## Gender And The Harvard Math Department

*This is a guest post by Meena Boppana, a junior at Harvard and former president of the Harvard Undergraduate Math Association (HUMA). Meena is passionate about addressing the gender gap in math and has co-lead initiatives including the Harvard math survey and the founding of the Harvard student group Gender Inclusivity in Math (GIIM). *

I arrived at Harvard in 2012 head-over-heels in love with math. Encouraged to think mathematically since I was four years old by my feminist mathematician dad, I had even given a TEDx talk in high school declaring my love for the subject. I was certainly qualified and excited enough to be a math major.

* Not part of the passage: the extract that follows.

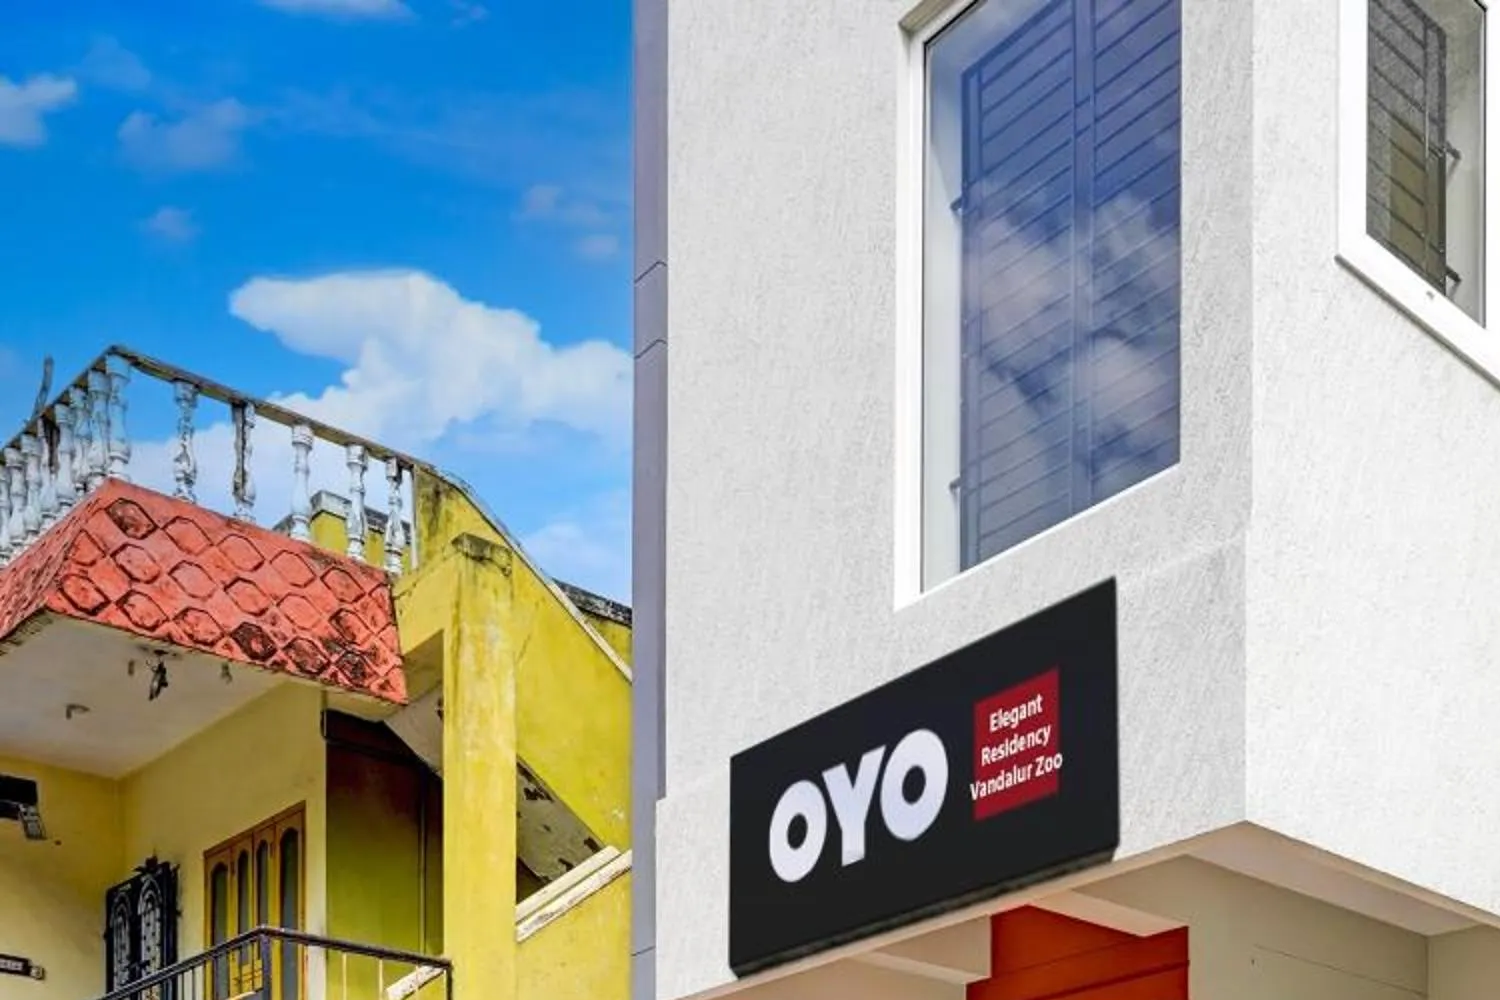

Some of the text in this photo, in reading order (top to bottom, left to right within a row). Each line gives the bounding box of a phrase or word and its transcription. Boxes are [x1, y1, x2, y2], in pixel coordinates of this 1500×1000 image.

[989, 693, 1043, 733] Elegant
[981, 724, 1051, 767] Residency
[970, 752, 1063, 801] Vandalur Zoo
[769, 728, 949, 883] OYO

Which is why, three years later, I think about how it is that virtually all my female friends with insanely strong math backgrounds (e.g. math competition stars) decided not to major in math (I chose computer science). This year, there were no female students in Math 55a, the most intense freshman math class, and only two female students graduating with a primary concentration in math. There are also a total of zero tenured women faculty in Harvard math.

So, I decided to do some statistical sleuthing and co-directed a survey of Harvard undergraduates in math. I was inspired by the work of Nancy Hopkins and other pioneering female scientists at MIT, who quantified gender inequities at the Institute – even measuring the square footage of their offices – and sparked real change. We got a 1/3 response rate among all math concentrators at Harvard, with 150 people in total (including related STEM concentrations) filling it out.

The main finding of our survey analysis is that the dearth of women in Harvard math is far more than a “pipeline issue” stemming from high school. So, the tale that women are coming in to Harvard knowing less math and consequently not majoring in math is missing much of the picture. Women are dropping out of math during their years at Harvard, with female math majors writing theses and continuing on to graduate school at far lower rates than their male math major counterparts.

And it’s a cultural issue. Our survey indicated that many women would like to be involved in the math department and aren’t, most women feel uncomfortable as a result of the gender gap, and women feel uncomfortable in math department common spaces.

The simple act of talking about the gender gap has opened the floodgates to great conversations. I had always assumed that because no one was talking about the gender gap, no one cared. But after organizing a panel on gender in the math department which drew 150 people with a roughly equal gender split and students and faculty alike, I realized that my classmates of all genders feel more disempowered than apathetic.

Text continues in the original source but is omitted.